Reporting a property sale on personal income tax returns can be expensive and complicated. The increase in value of the property and the amount of capital gains tax owed determine this.
According to Canada’s Income Tax Act (ITA), the Principal Residence Exemption (PRE) can exempt the sale of a residence from tax.
Each family can choose only one property per year as their main home. This includes the spouse or common-law partner and children under 18.
However, if you can show that you need more land to use and enjoy your home, you can consider more than this amount as part of your principal residence. For example, this may happen if the minimum lot size imposed by a municipality at the time you bought the property is larger than 1/2 hectare.
When you sell your home, there’s a good chance you’ll get more than you paid for it. The real estate market usually tends to rise. This is one of the major benefits of owning a home or a property.

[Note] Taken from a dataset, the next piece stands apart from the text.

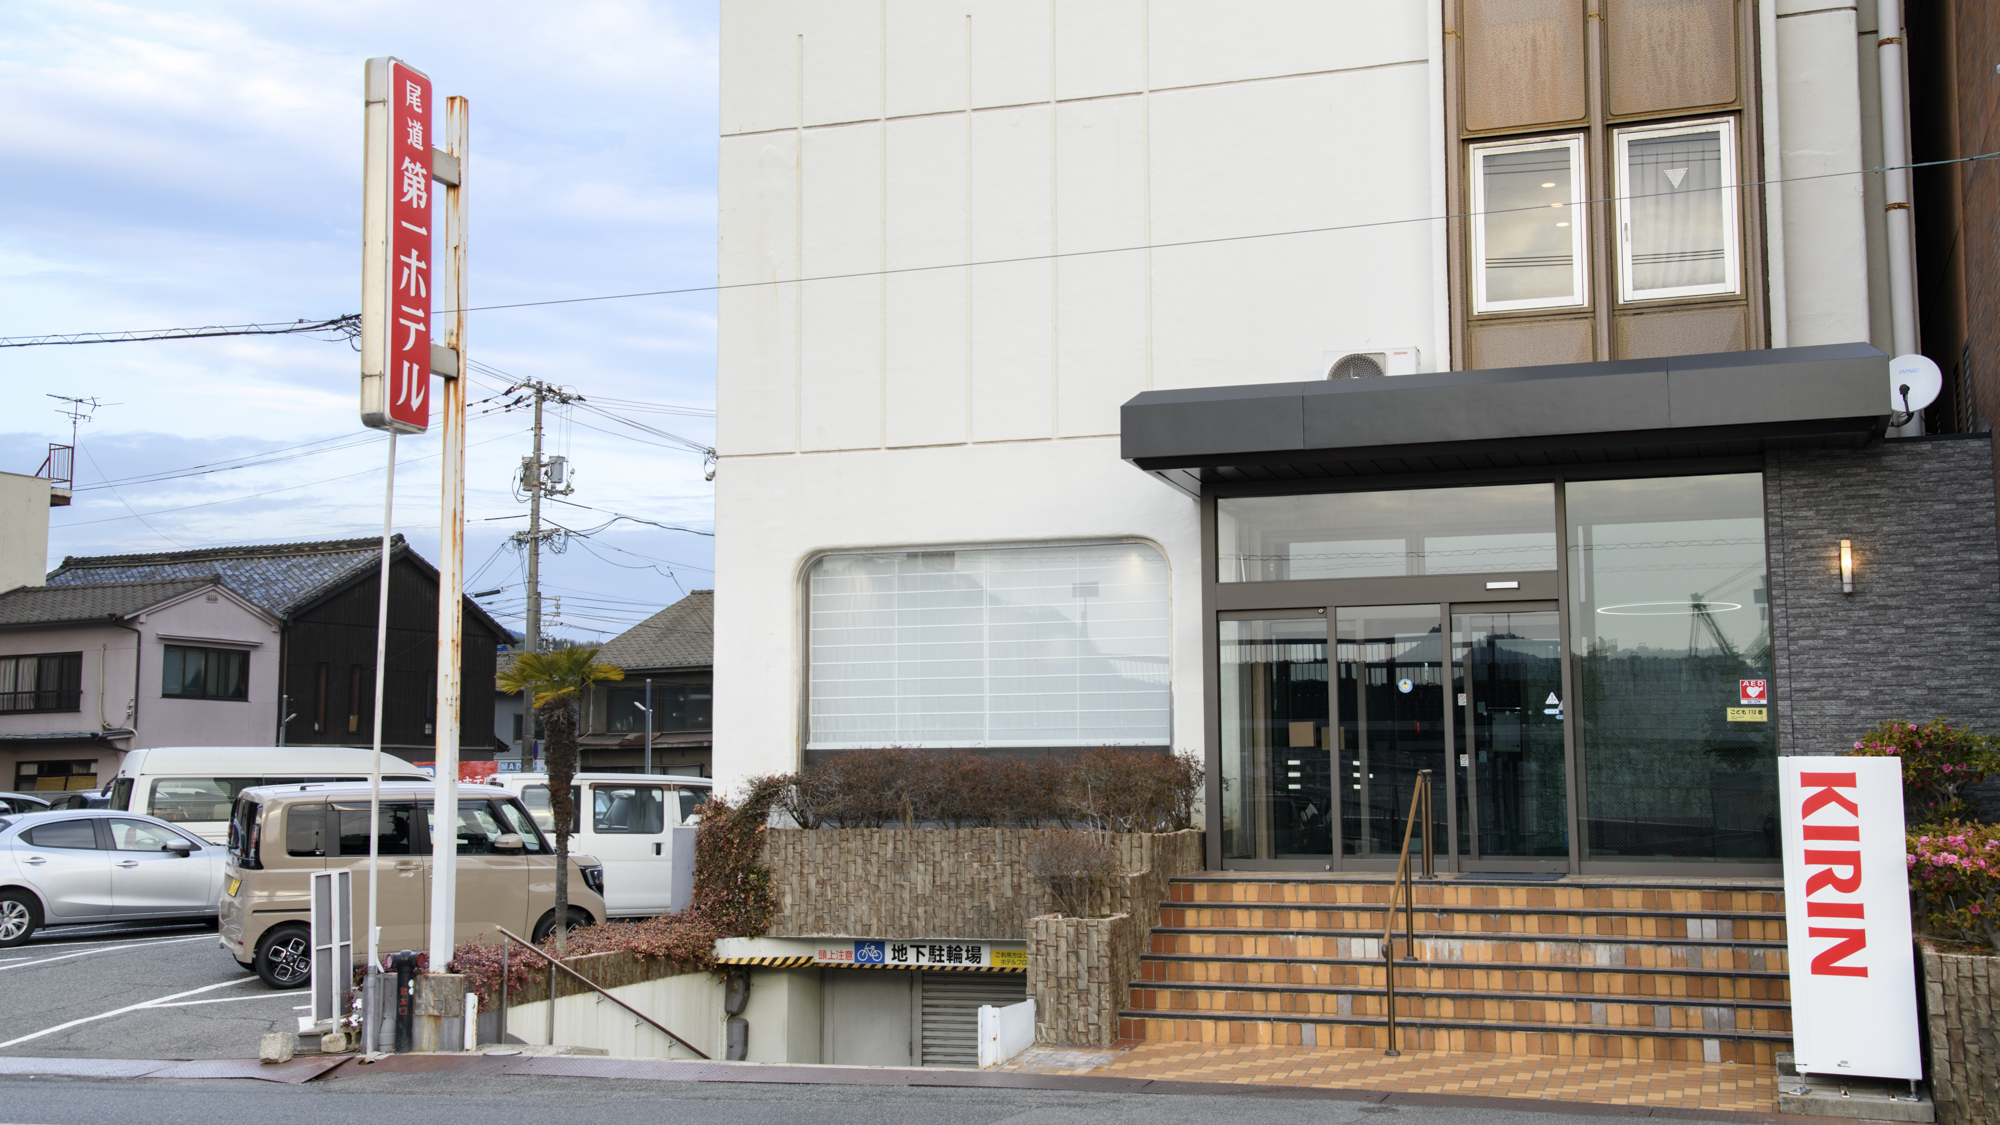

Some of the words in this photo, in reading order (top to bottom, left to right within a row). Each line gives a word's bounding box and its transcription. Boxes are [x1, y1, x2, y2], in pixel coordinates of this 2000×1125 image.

If your house is worth more than its adjusted cost base then, the government requires you to pay taxes on the profit which you gained by selling it. Your principal residence, however, is a special exception.
Profit from the sale of a property is a taxable capital gain. The principal residence exemption makes you free from paying capital gains tax on the sale of a residence that is the principal residence for you or your family unit, or a home that has a principal residence designation.
You don’t need to consider the money you earn from selling your primary residence as capital gains income. According to the Income Tax Act, you can designate only one property as your principal residence in any given year.